[clang] [Clang] Add float type support to __builtin_reduce_add and __builtin_reduce_multipy (PR #120367)

Mon Jan 6 12:58:16 PST 2025

Il-Capitano wrote:

Just to clarify: `@llvm.vector.reduce.fadd` does sequential reduction by default, so I don't see a point in doing that manually in the frontend. Your previous implementation had the same behaviour.

The inconsistency with the sequential approach is that Clang defines the `__builtin_reduce_*` operations to do recursive even-odd pairwise reduction (i.e. `(v[0] + v[1]) + (v[2] + v[3])` instead of `((v[0] + v[1]) + v[2]) + v[3])`), and since floating-poing addition is not associative, these two can have different results.

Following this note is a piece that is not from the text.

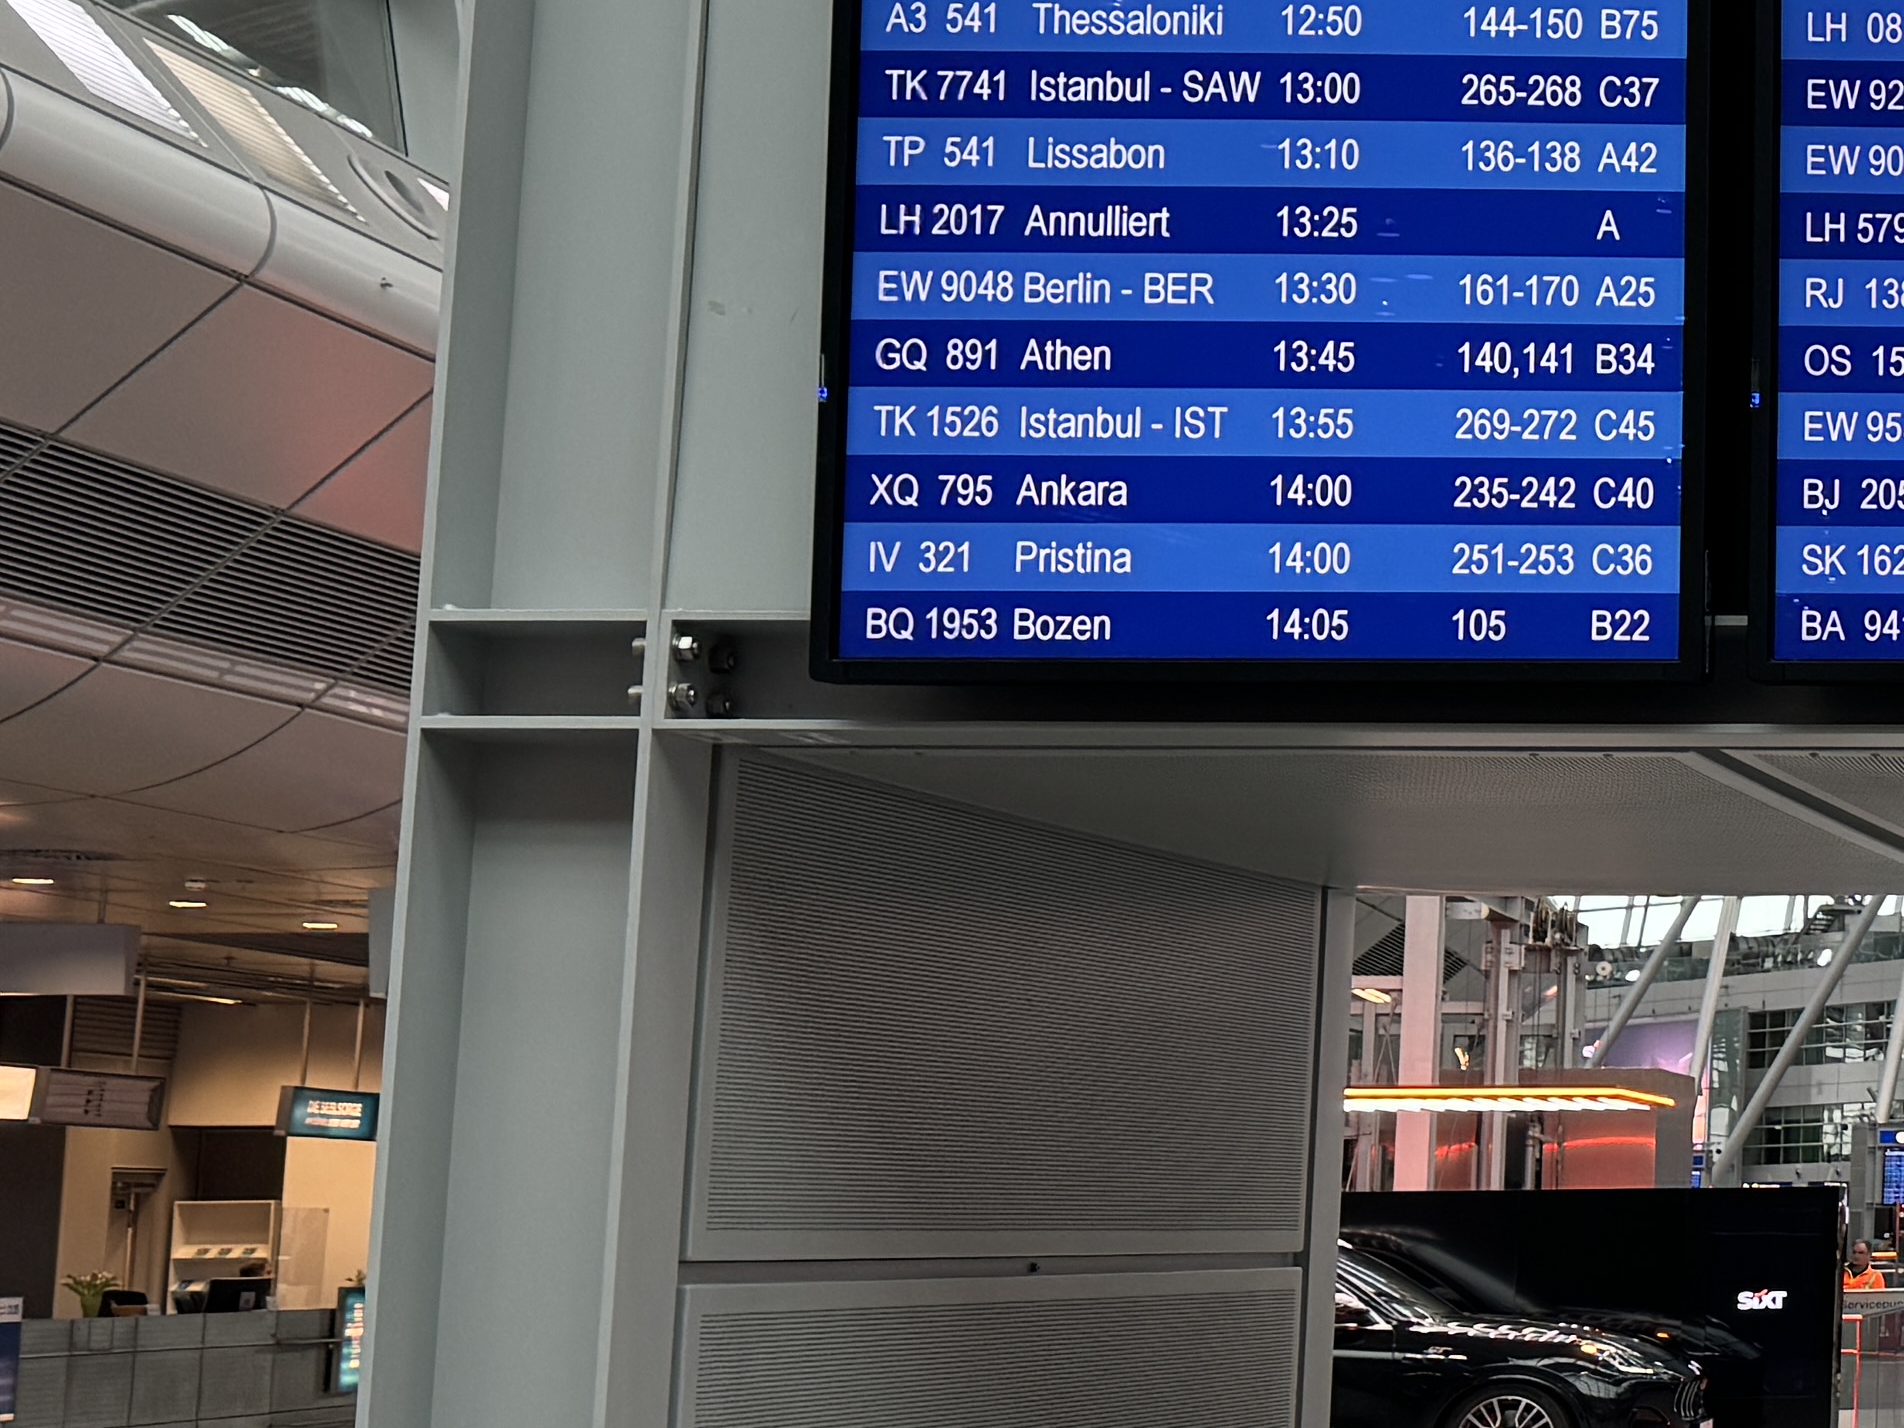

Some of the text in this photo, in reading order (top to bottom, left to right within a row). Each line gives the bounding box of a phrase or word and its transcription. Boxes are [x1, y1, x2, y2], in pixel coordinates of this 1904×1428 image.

[1806, 211, 1846, 243] LH
[866, 607, 1650, 641] BQ 1953 Bozen 14:05 105 B22

My suggestion was to not use the existing `__builtin_reduce_add` and `mul` builtins, but to define a new one that is defined to do sequential reduction, matching the behaviour of `@llvm.vector.reduce.fadd`, and one that is unordered, i.e. `@llvm.vector.reduce.fadd` with the `reassoc` fast-math flag set (in practice this will do the even-odd pairwise reduction, but there is a difference in generated code quality between doing that in the frontend, and the backend: https://godbolt.org/z/a4rd44Eza).

You can see the generated code difference of `@llvm.vector.reduce.fadd` with and without the `reassoc` flag here: https://godbolt.org/z/zeWjxrxo5.

https://github.com/llvm/llvm-project/pull/120367